R404A is one of the most widely used refrigerants in supermarkets but it has a GWP of just under 4000.
The continued use and availability of R404A helps to relieve the pressure of retrofitting to an alternative but when you are ready to opt for a low GWP refrigerant there are a number of important considerations to take into account.
The system must have similar operating characteristics to R404A in terms of being a medium or low temperature replacement.

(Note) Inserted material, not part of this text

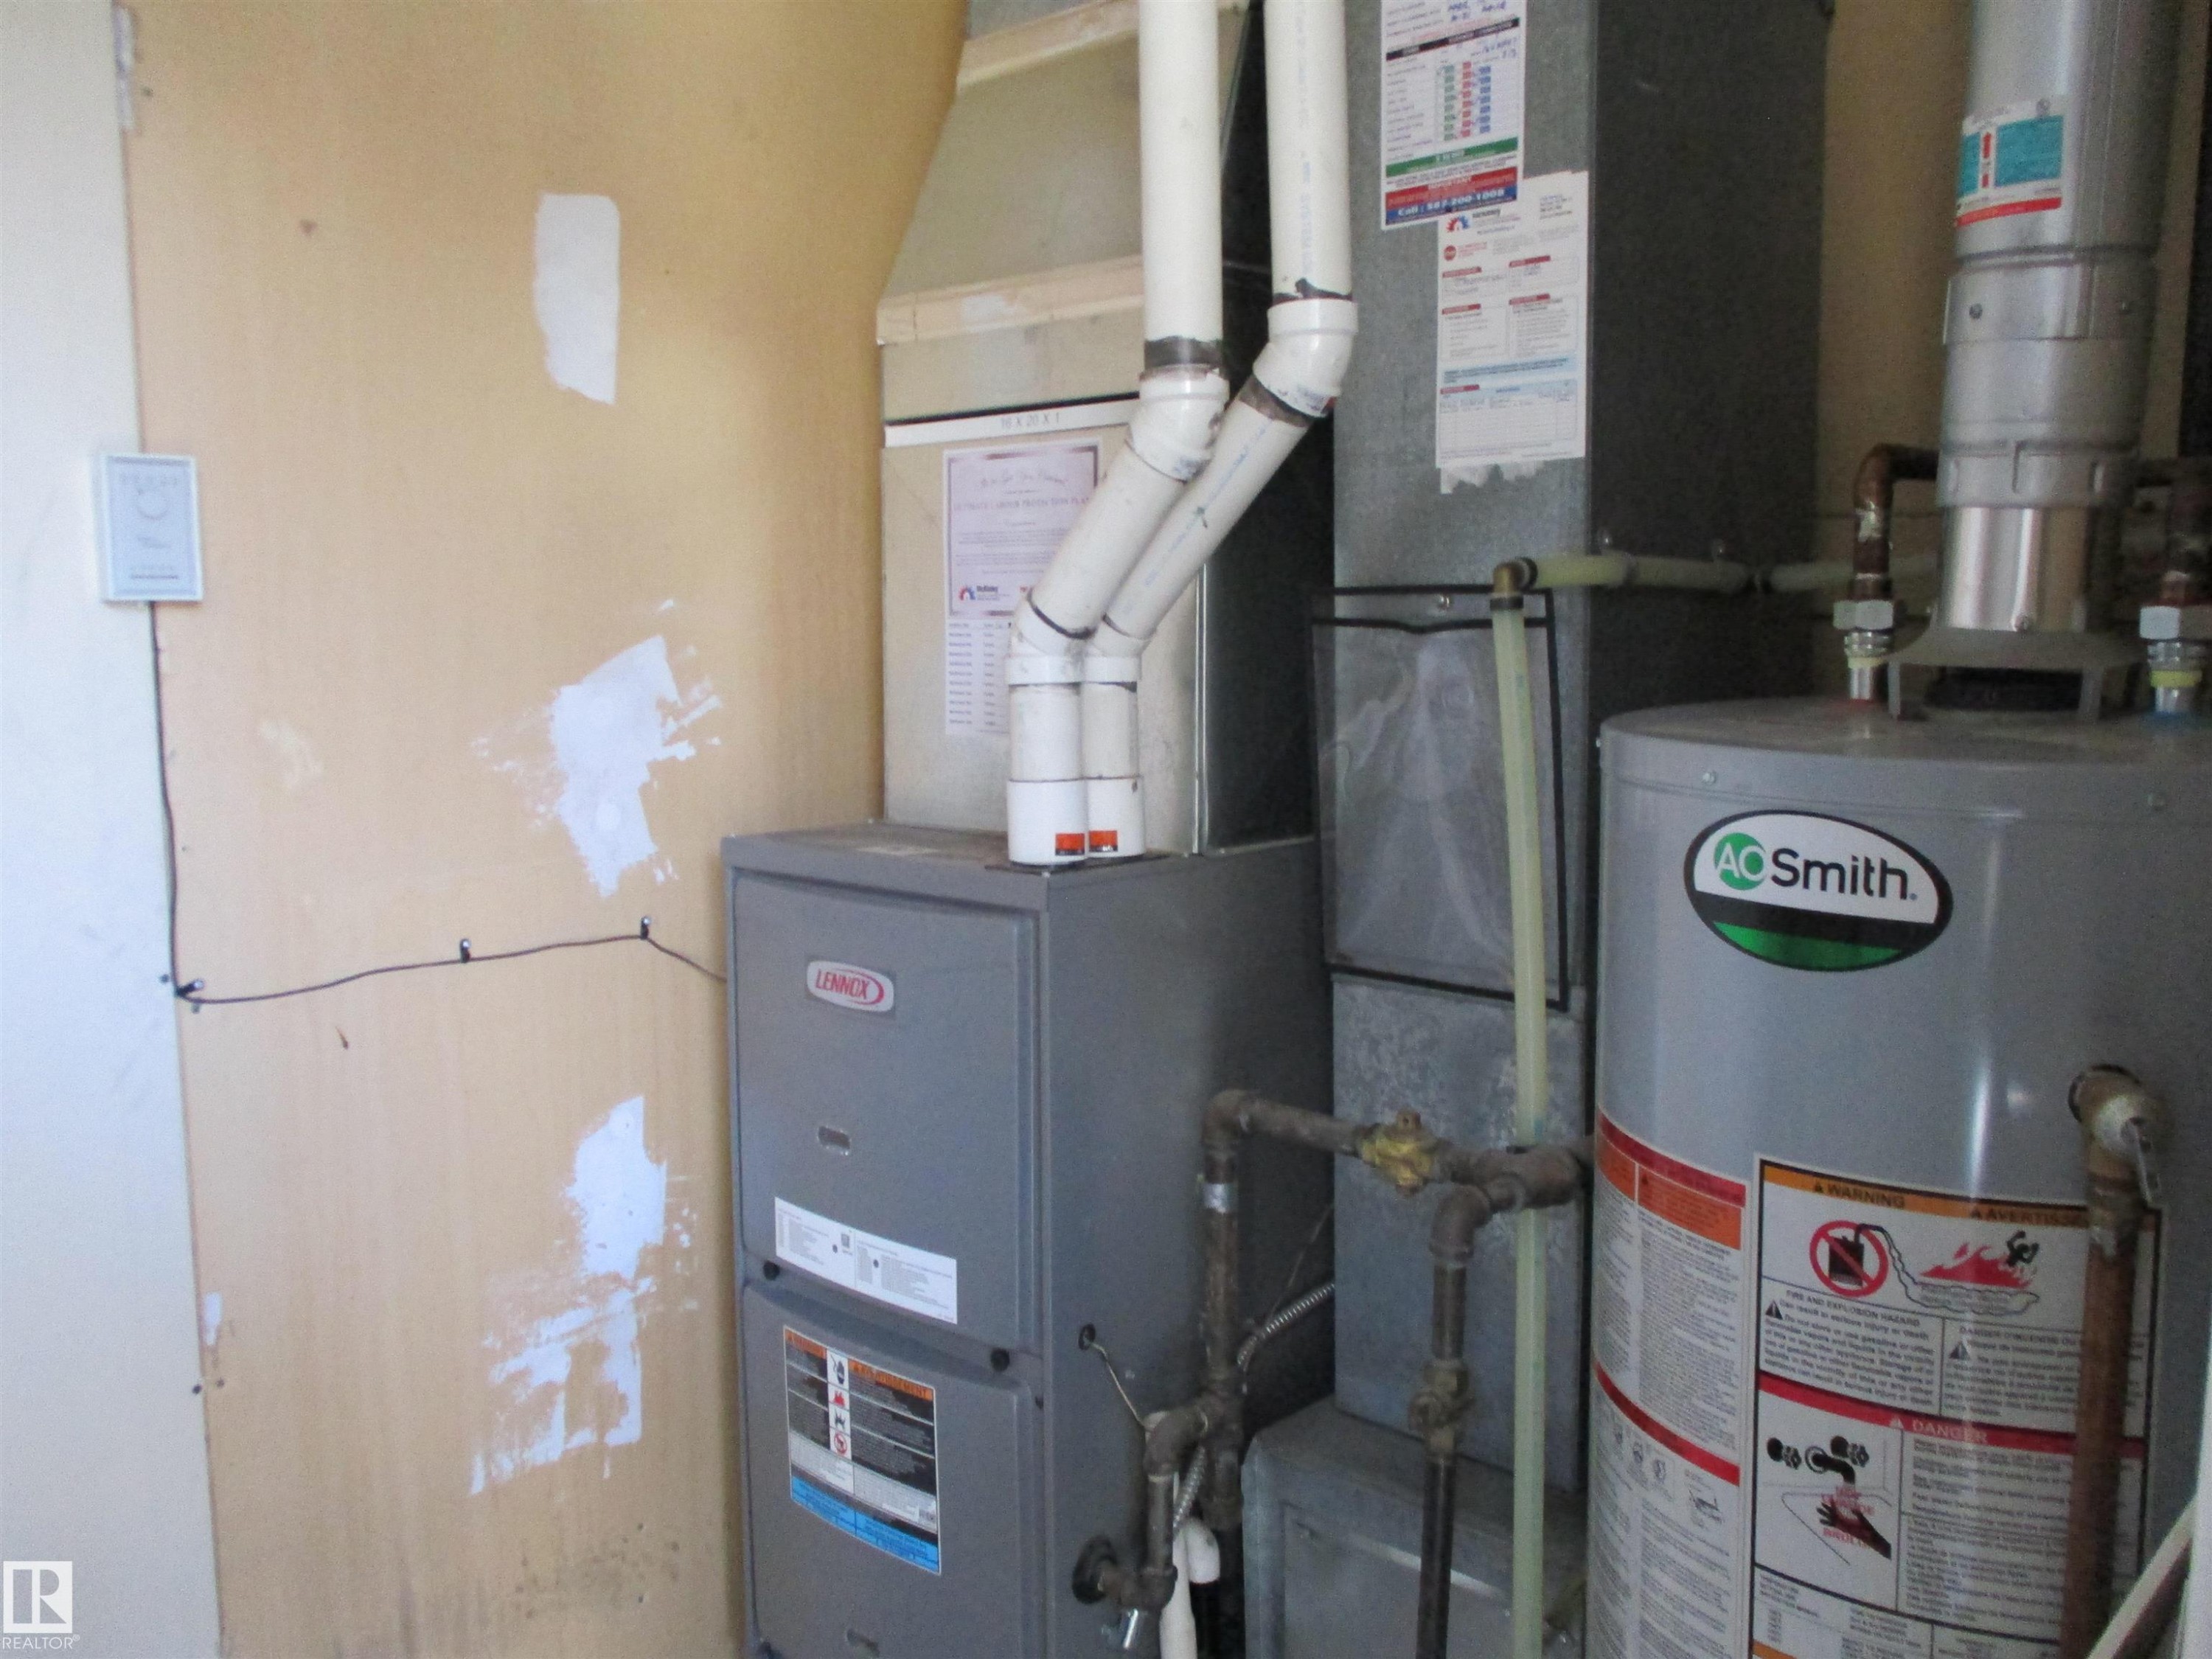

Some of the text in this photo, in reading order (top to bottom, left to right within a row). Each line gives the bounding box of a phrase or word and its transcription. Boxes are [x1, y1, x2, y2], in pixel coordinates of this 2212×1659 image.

[815, 968, 870, 1000] LENNOX
[1829, 1183, 1905, 1208] WARNING
[1913, 1419, 1987, 1444] DANGER

To achieve this match the refrigeration capacity as closely as possible with the lowest GWP refrigerant available.
There are several suitable HFC retrofit refrigerants on the market – R407F is a medium GWP option but products such as Opteon XP40 (R449A) offer a lower GWP alternative.
Along with Solstice N40 (R448A), they are currently the lowest GWP replacements on the market (around 1400) and are closely matched to R404A in terms of refrigeration capacity.

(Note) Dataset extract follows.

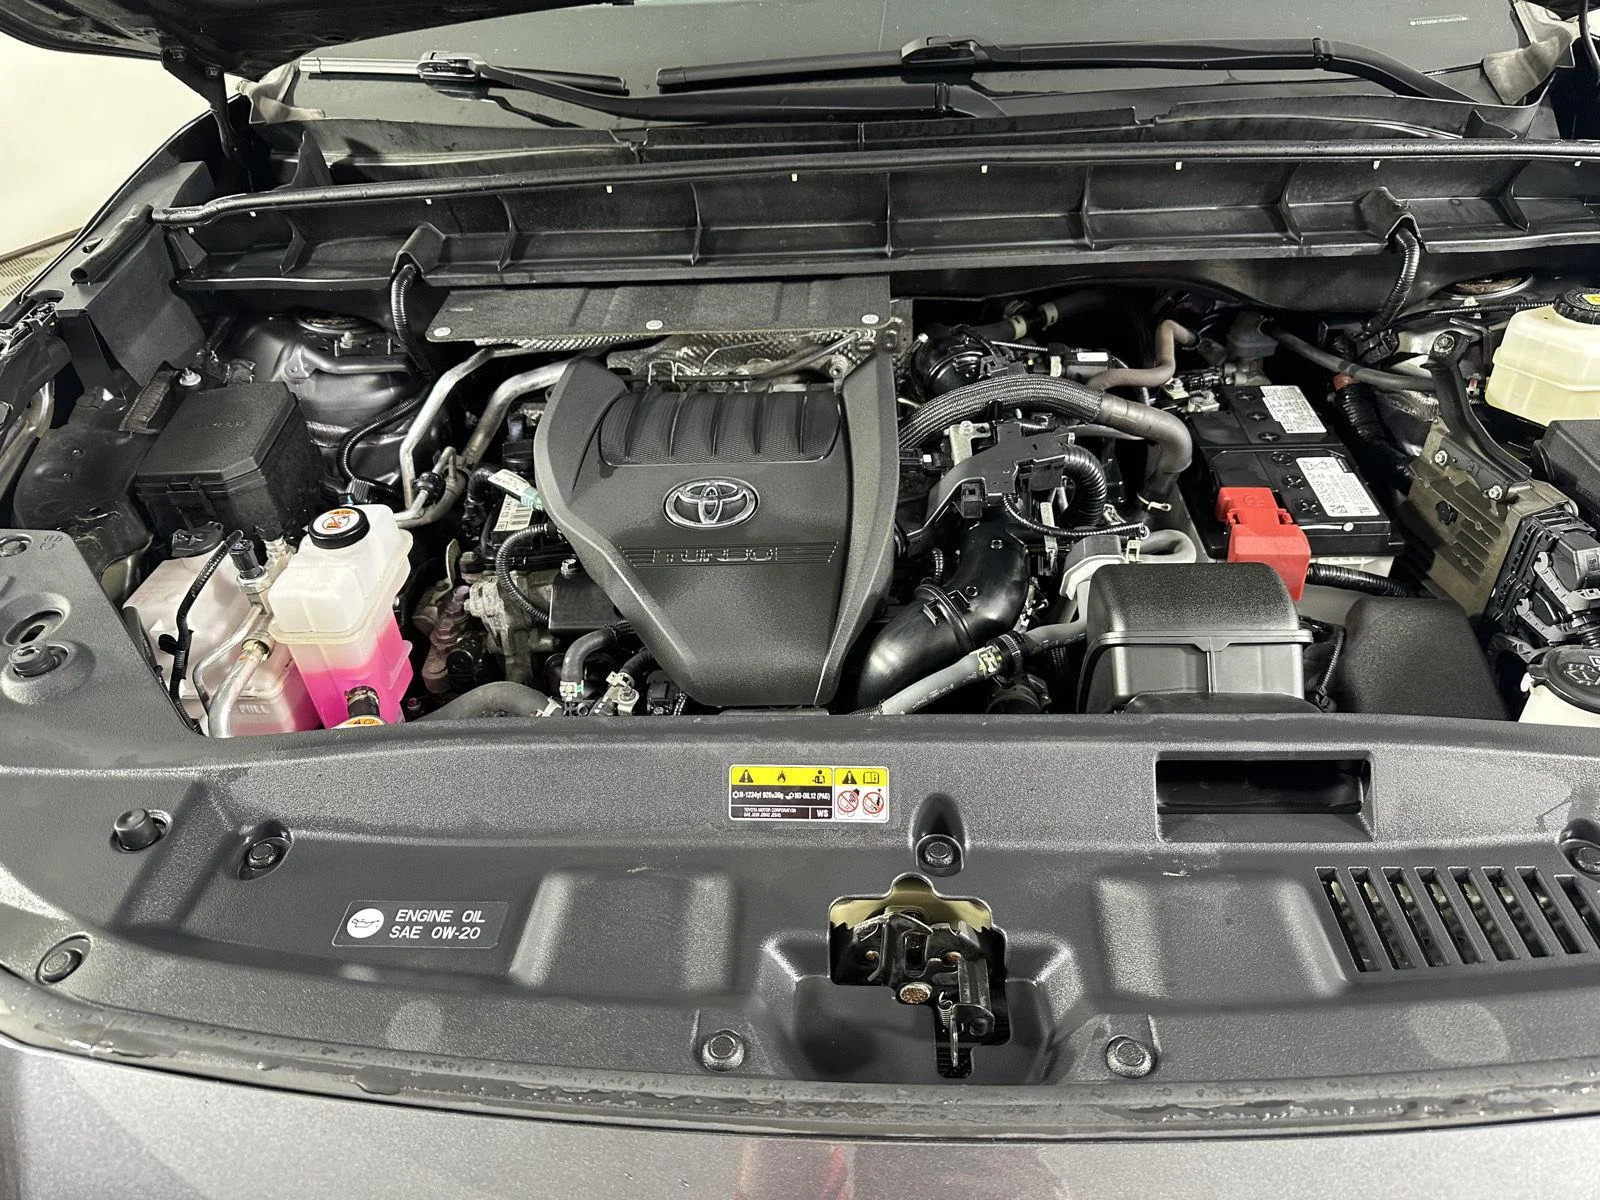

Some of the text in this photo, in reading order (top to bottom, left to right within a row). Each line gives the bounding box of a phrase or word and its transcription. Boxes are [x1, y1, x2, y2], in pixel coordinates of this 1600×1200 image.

The industry should stop using the word drop-in because there really is no such thing. With the introduction of any replacement refrigerant an adjustment will have to be made to the system to get the best out of it – let me emphasise it is not a case of simply dropping it in.
Monitoring the system performance is a crucial part of a retrofit and you should start this while the system is still running on R404A by recording the typical running conditions.
All the standard system operating parameters should be checked to establish the benchmark temperatures and pressures.
The health of refrigerant and oil in a live system are key drivers in efficiency and lifespan, factors that impact not only the bottom line but also our environment.
A-Gas supports industry in maintaining the health and longevity of systems by offering the A-Gas Refrigerant Health Check (VRHC) – an analytical product designed to equip users with an understanding of the quality of refrigerant running through their systems.
This allows for diagnosis of potential issues and assists in the planning of ongoing preventative maintenance and system optimisation.
The A-Gas Refrig Health Check analysis kit consists of easy-to-follow instructions, two reusable cylinders for liquid and vapour samples, a lab-approved oil sample canister and all necessary fittings and hoses to facilitate sampling.
Once received the refrigerant samples are processed by highly experienced technicians through our own A-Gas in-house laboratory and results benchmarked against the AHRI700 standard.
All results are provided in a comprehensive report including further insight into diagnosis results and suggestions to improve the health of your system.
The only way to understand how the quality of refrigerant may be impacting on your system is to have the full picture.
The A-Gas Refrig Health Check is a comprehensive tool designed to give you this, test parameters including purity, composition, moisture, boiling residue (oil content), acidity, chloride, particulates and non-condensable gases; with an additional 17 test parameters for the oil sample.
For unsatisfactory refrigerant results, A-Gas offers a reclamation service to assist in the environmentally responsible disposal of your waste refrigerant in line with our commitment to sustainability and the environment.
Returning to emissions, it is worth noting that the largest producer of emissions in the lifetime of a refrigeration system – as high as 80 per cent – is likely to be the power station generating the electricity to run the equipment.
So, take care if you base your choice of refrigerant on GWP alone. Refrigerants are different and each will have its own pros and cons but energy efficiency and good system performance will always be a winner for the installer and the end user in the long run.
Your refrigerant supplier will be able to help you in the selection of the most appropriate refrigerant for the system and you should consult with the equipment manufacturer too before making a final decision.
They have the expertise to ensure that your choice of refrigerant will be the right one.